■ **ENTRIES SHOWN**
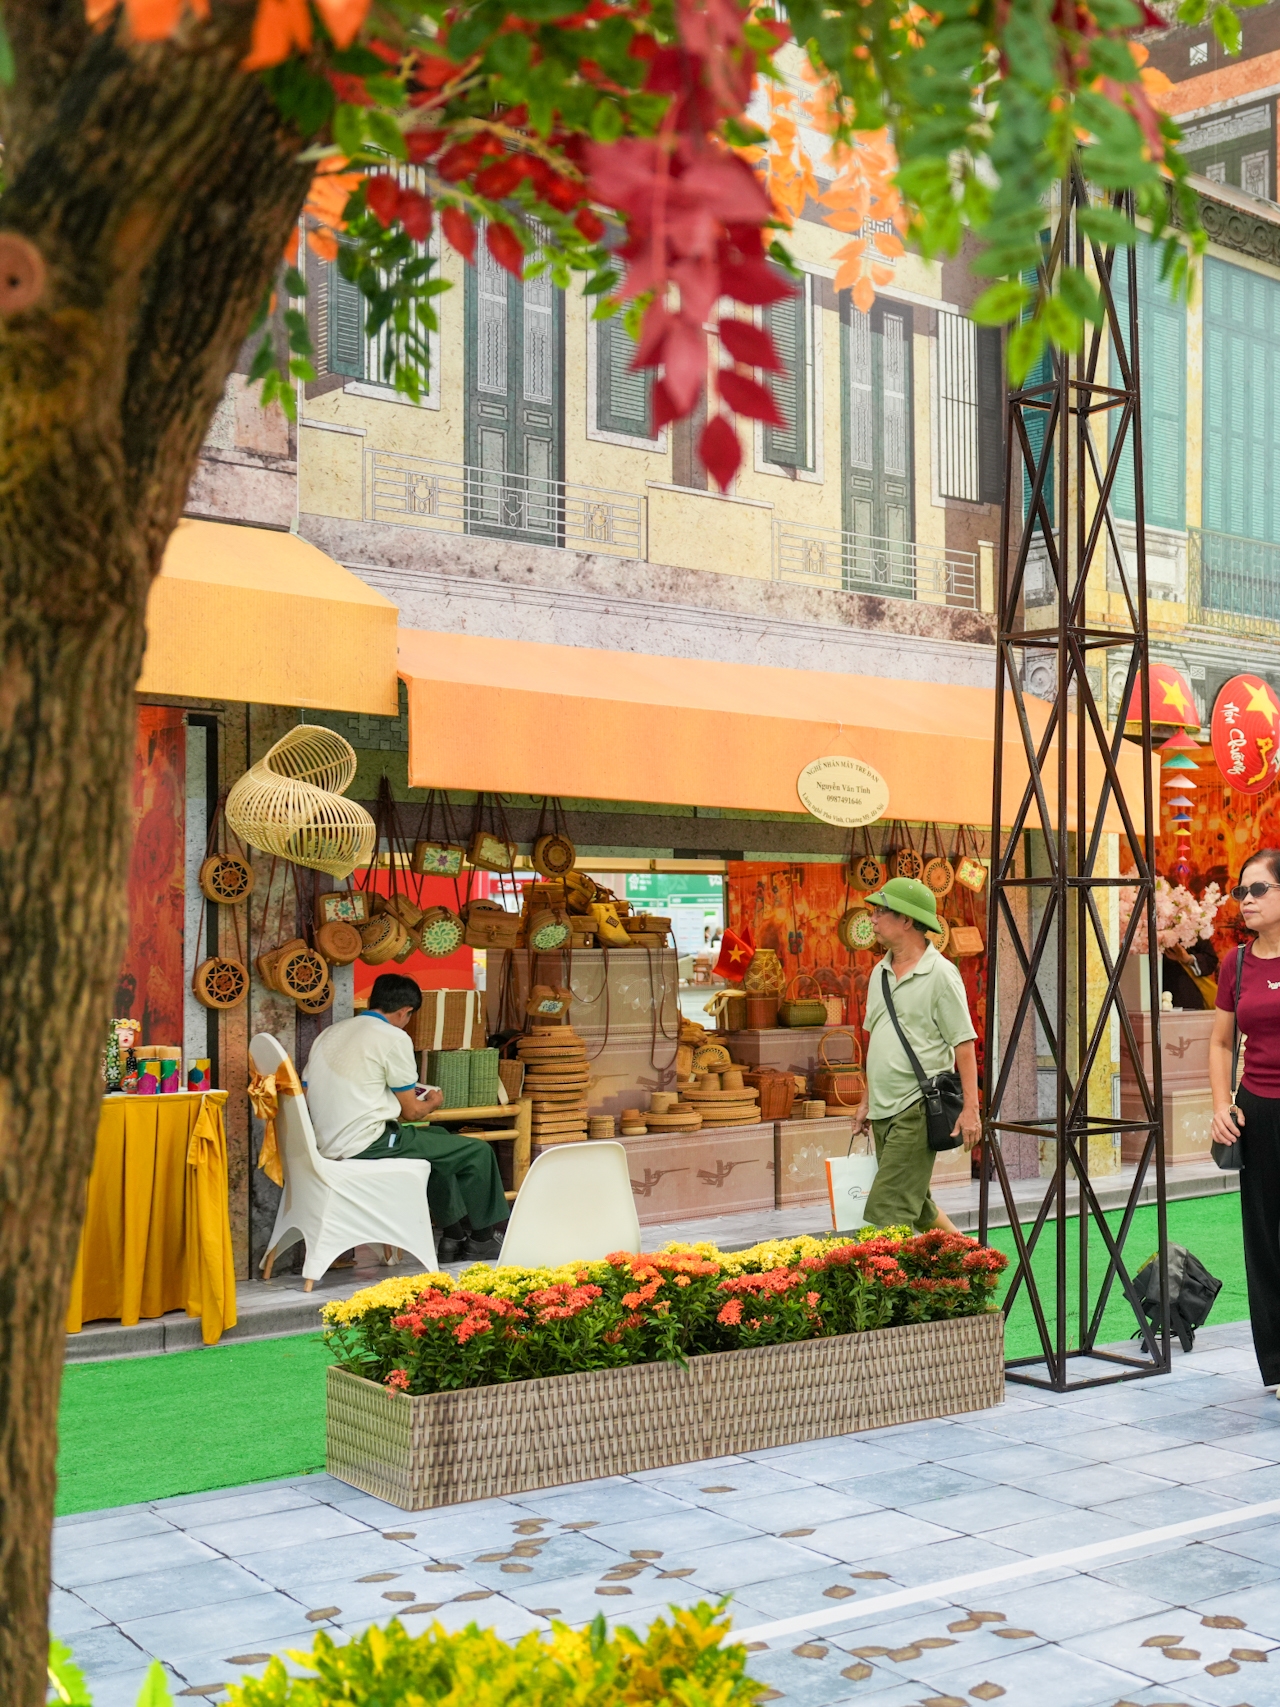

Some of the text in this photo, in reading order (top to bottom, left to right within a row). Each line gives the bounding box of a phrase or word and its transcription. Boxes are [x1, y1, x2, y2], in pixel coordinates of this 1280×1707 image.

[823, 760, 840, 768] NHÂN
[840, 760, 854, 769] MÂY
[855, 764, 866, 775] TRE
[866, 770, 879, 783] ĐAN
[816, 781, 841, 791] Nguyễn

■ **EXERCISE INSTRUCTIONS**
Your copy should match the listing exactly, apart from the pictures it leaves out.

■ **PROBLEM SOLUTION**
Some of the text in this photo, in reading order (top to bottom, left to right within a row). Each line gives the bounding box of a phrase or word and its transcription. Boxes are [x1, y1, x2, y2], in pixel coordinates of this 1280×1707 image.

[823, 760, 840, 768] NHÂN
[840, 760, 854, 769] MÂY
[855, 764, 866, 775] TRE
[866, 770, 879, 783] ĐAN
[816, 781, 841, 791] Nguyễn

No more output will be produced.